- 1085 Okunma
- 2 Yorum
- 1 Beğeni
IŞIKLAR İÇİNDE UYUSUN..!?
IŞIĞI SADECE LAFTA KALAN KARANLIK İNSANLAR
Şu "Işıklar içinde uyusun." lafına çok uyuz oluyorum. Nur içinde yatsın, duasını anlamca karşılıyor mu hiç? Mezarda projektör yanıyor gibi bir çağrışım yapıyor bana.
Nur, Allah’ın bir ismidir; fakat ışık Allah’ın ismi değildir. Işık somut bir kavramdır. Nur, ışığı da içine alan soyut, manevi, anlamı sınırsız bir kavramdır.
Allah’ın Nur ismi, gerçek anlamıyla ışık anlamına gelse de "Nur içinde yatsın" duasında mecazi anlamı ön plandadır."Göklerde ve yerde olanları sapıklıktan kurtaran, hidayete erdiren, aydınlığa çıkaran” anlamı yani. Allah’ın nuru hiç ışıkla ölçülebilir mi?
Ama işin aslına bakarsak belki de ışıklar içinde uyuyacak olanlar, nur içinde yatsın duasını etmeyi de almayı da hakketmeyenlerdiR. Allah ismini bile söyletmiyordur onlara.
Neden kadim kültürümüze ait değerler alaşağı edilip dönüştürülmeye,yok edilmeye çalışılıyor. Senelerdir televizyonlarda, radyolarda "inşallah" yerine "umarım" sözünü benimsetmeye çalıştıkları gibi.

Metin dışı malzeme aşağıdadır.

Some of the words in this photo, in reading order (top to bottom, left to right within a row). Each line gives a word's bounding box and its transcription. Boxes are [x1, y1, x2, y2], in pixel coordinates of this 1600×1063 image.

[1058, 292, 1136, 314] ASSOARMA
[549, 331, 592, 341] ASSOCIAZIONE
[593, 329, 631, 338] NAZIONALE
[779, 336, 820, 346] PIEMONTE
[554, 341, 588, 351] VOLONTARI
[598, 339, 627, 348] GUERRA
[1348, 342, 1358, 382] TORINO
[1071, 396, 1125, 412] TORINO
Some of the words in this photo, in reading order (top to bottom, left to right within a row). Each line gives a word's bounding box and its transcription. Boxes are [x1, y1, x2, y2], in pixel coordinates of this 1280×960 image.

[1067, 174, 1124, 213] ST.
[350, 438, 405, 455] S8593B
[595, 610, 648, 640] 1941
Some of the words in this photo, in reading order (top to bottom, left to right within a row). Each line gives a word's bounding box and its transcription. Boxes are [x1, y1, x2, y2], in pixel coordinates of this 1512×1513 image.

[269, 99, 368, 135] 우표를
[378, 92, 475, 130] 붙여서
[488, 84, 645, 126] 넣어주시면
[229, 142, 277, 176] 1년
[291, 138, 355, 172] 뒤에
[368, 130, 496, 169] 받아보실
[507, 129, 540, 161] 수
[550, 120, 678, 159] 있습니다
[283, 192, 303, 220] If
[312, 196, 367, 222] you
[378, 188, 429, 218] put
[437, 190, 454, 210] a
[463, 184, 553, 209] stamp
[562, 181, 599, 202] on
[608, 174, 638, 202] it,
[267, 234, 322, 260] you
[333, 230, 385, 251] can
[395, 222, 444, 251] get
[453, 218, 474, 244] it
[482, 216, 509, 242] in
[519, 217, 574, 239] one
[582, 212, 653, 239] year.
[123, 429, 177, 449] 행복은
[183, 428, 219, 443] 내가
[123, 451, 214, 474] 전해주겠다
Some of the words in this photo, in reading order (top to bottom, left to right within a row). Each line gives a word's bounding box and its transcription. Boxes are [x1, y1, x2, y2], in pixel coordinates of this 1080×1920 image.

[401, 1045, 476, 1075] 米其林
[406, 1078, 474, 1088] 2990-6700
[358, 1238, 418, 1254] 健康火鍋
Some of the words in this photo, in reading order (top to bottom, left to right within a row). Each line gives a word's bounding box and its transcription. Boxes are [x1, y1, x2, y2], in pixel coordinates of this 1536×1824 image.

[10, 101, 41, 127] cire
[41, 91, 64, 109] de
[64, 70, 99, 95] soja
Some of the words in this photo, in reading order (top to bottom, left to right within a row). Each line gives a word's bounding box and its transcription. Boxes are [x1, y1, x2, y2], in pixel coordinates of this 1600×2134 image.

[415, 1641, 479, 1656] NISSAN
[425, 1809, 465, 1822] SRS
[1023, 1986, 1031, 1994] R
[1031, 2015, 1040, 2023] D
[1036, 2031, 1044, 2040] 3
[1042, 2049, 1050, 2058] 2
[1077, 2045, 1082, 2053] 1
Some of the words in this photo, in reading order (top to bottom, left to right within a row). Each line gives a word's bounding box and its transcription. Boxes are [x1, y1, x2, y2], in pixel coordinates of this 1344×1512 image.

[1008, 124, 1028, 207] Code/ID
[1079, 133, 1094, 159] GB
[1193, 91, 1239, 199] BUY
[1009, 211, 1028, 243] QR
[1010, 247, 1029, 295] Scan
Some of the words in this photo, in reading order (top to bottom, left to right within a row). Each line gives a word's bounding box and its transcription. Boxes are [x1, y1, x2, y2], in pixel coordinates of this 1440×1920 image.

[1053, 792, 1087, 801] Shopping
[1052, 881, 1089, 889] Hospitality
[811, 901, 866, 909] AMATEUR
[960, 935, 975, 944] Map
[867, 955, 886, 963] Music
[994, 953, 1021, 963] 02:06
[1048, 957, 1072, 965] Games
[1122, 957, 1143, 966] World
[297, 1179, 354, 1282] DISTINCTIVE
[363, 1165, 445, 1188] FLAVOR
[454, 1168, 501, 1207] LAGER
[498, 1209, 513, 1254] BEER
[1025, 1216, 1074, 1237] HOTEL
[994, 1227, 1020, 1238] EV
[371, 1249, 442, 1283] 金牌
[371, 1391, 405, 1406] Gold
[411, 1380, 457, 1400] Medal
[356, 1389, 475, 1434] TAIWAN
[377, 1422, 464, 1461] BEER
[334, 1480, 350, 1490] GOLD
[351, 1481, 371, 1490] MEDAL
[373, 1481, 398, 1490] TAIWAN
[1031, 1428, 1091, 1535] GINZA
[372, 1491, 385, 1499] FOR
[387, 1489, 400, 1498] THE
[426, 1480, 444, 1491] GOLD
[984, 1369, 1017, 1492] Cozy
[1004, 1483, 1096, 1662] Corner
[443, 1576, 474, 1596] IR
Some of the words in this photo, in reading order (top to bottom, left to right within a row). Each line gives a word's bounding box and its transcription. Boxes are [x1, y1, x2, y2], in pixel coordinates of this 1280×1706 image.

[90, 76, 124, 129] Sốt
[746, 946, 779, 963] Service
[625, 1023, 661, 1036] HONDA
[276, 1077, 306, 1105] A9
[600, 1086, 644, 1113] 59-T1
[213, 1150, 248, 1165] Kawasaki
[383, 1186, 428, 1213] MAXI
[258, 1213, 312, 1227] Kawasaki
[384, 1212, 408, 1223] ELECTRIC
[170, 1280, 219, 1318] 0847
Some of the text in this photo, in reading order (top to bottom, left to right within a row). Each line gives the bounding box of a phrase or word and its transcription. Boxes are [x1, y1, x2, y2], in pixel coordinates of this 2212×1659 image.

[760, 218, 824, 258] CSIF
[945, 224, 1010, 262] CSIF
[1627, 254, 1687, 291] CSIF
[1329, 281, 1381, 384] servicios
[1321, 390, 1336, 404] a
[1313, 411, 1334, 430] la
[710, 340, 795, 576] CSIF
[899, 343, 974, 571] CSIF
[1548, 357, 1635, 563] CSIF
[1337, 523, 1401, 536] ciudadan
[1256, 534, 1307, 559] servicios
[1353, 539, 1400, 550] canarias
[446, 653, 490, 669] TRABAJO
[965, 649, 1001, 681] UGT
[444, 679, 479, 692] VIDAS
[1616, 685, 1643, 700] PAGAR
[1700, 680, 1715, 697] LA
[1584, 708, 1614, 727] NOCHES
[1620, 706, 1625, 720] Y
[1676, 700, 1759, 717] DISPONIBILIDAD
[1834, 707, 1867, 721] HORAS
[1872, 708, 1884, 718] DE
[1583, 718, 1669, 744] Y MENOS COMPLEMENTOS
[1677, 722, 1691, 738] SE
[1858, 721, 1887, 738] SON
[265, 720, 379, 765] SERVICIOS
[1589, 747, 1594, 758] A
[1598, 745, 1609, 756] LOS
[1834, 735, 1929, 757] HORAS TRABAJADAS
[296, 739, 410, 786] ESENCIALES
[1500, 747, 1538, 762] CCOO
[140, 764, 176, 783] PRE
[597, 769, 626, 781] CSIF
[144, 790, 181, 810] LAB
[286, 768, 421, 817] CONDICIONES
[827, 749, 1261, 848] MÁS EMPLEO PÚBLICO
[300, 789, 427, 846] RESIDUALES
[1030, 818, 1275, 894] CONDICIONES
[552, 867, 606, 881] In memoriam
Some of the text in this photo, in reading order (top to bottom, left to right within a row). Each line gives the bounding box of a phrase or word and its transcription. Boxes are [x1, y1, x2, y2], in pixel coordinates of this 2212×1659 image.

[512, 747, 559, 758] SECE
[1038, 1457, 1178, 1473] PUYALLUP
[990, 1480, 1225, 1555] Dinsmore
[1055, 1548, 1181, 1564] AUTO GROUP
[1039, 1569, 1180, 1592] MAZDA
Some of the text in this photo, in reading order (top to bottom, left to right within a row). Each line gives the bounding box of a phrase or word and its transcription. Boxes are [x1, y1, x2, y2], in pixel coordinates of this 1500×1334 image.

Sanki hayırlı sabahlar, inşallah, Allah’a emanet ol, Allah’a ısmarladık gibi güzel söyleyişler sadece dindar kesime aitmiş gibi algılatılmaya çalışılıyor. Ve onun yerine daha basit, somut kavramlar konuluyor elit geçinen kesimce: günaydın, umarım, kendine iyi bak, bay bay, hatta baaay..!
Baştan aşağı bir özenti, öz değerlerine sahip çıkamama, bu kelimeyi kullanmak istemiyorum; ama tam bir lümpenlik hâli.
Bir millet öz kültürünü yaşattıkça var olur ve sağlam köklerine tutunarak gelişebilir, köklerini söküp atarak değil.
YORUMLAR
Benzetmeniz çok yerinde Sayın Günay. Evet toprağından sökülüp saksıya dikilmişiz. Bir kısmımız, ana vatanını biliyor, unutmuyor; bir kısmımız ise "Dün dündür, bugün bugündür" anlayışıyla saksıya övgüler düzüyoruz ve anavatanı yadsıyoruz ve ille de vatan diyenleri geri kafalılıkla suçluyoruz. Oysa bilmeliyiz ki, özünü koruyan kendi bünyesine uyan yeni güzellikleri de alıp gelişir. Katkınız için teşekkürler.
Küçük, önemsiz ve ayrıntı gibi duran; ama gerçekliği Cumhuriyet kuşaklarının "eğitim-öğretim anlayışı" ve "tektipleştirilmek istenen model insan" kodlarında aranması gereken, kök saldığımız ana topraktan alınıp saksıya dikilmiş ve orada hayata tutunmaya çalışan "mazisiz-esefsiz-övünçsüz-hatırasız" bırakılmış insanımızın günümüzdeki fotoğrafıdır, çektiğiniz. İnsanlar diliyle ve davranışlarıyla bir duruş sergiler ve kendilerine bir durum belirlerler. Bu fotoğraf, Türkiye toplumunun bir gerçeği ama, bütünü değildir! Ayrıca, bunun karşı noktasında duranların tamamı da, çok doğru ve muteber duruş sergiliyor sayılmazlar. Bunların dışında, çağdaş hayatın ölçülerinde bilim-teknikle donanımlı, hukuku ve ahlâkı sağlam, eleştirel bir akılla olup bitenlere tarihsel bir perspektiften bakıp değerlendiren, yine Cumhuriyet'in okullarından yetişmiş gerçek aydın bakış açısına sahip münevverler de vardır. Yanlış ve eksik olanların ümidi de bu azınlıktaki insanlarımızdır, diye düşünüyorum. Uyarıcı yazınıza bu yorumlarla katkıda bulunmak istedim. Saygılarımla.